[Saved entries]
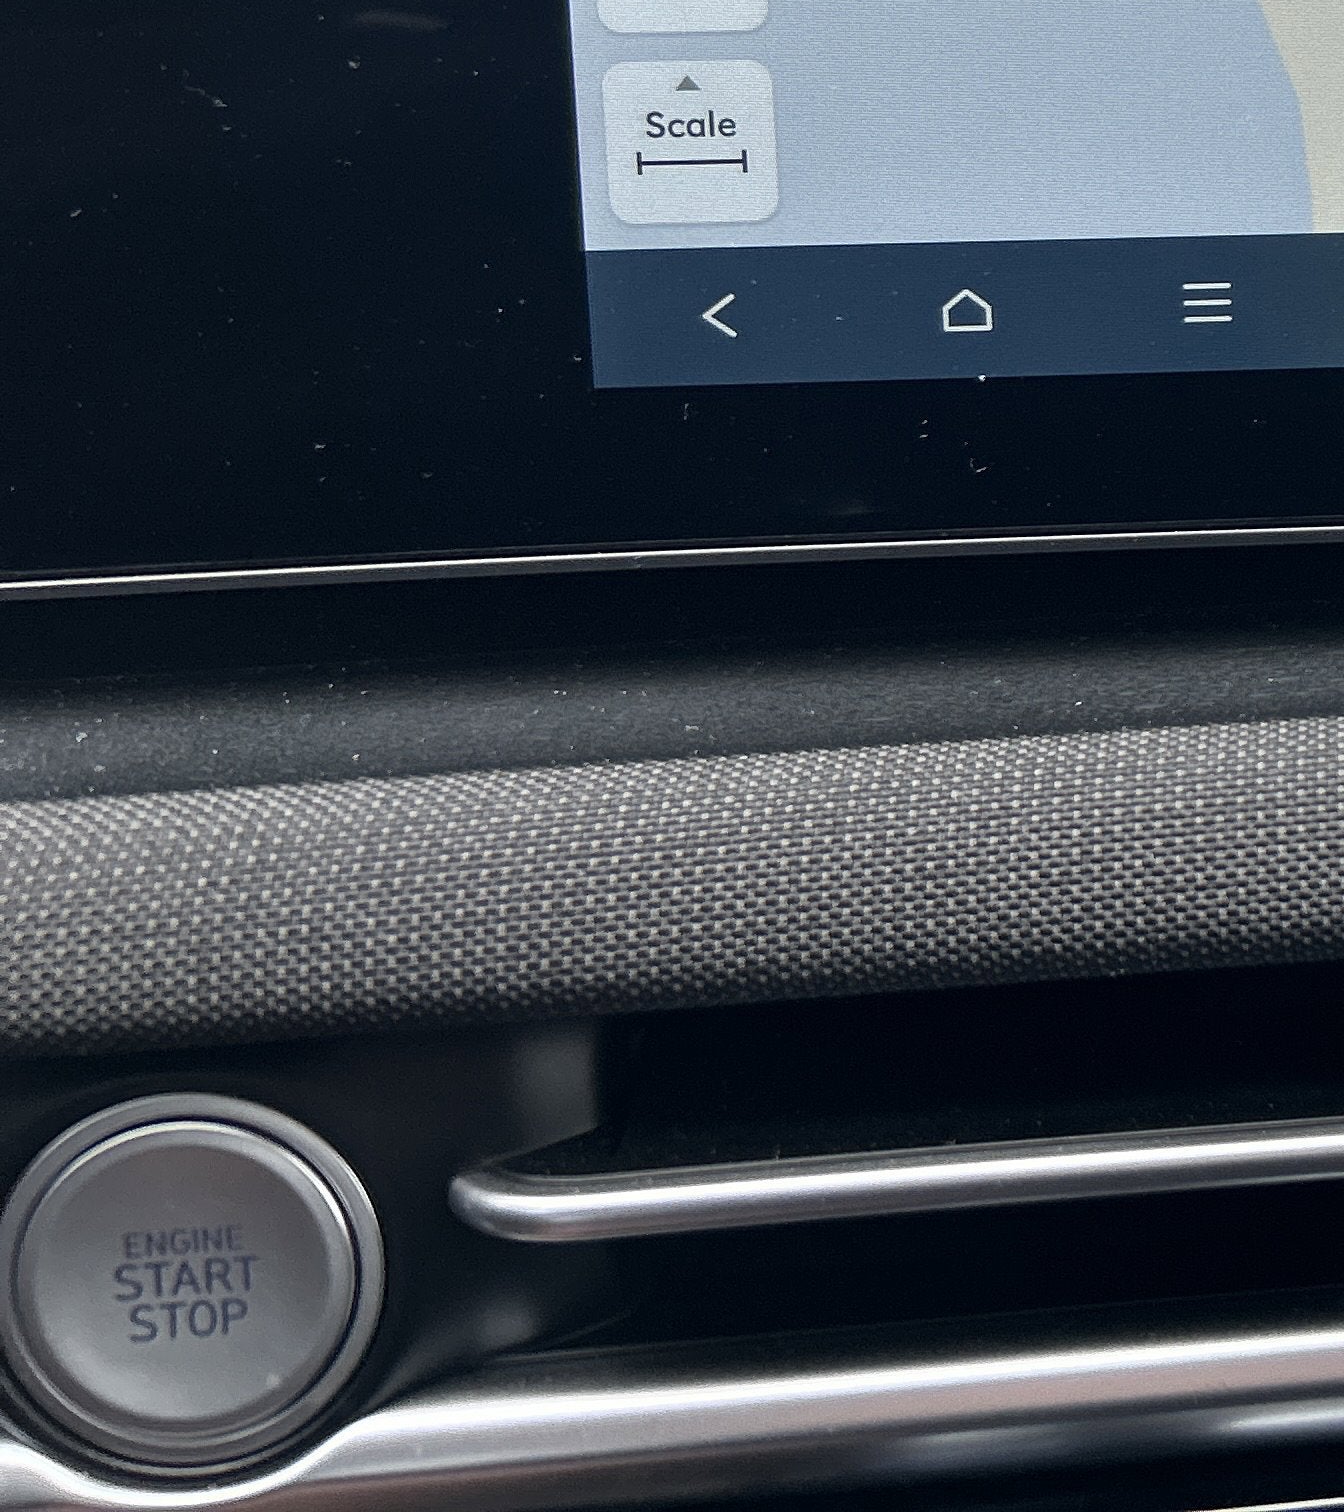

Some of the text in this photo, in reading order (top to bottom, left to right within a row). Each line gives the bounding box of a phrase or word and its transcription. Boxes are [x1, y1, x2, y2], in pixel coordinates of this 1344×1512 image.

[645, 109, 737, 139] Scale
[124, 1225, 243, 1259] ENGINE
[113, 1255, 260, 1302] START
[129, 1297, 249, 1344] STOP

● TO DO
With the pictures set aside, repeat every entry above exactly.

● WRITTEN RESPONSE
Some of the text in this photo, in reading order (top to bottom, left to right within a row). Each line gives the bounding box of a phrase or word and its transcription. Boxes are [x1, y1, x2, y2], in pixel coordinates of this 1344×1512 image.

[645, 109, 737, 139] Scale
[124, 1225, 243, 1259] ENGINE
[113, 1255, 260, 1302] START
[129, 1297, 249, 1344] STOP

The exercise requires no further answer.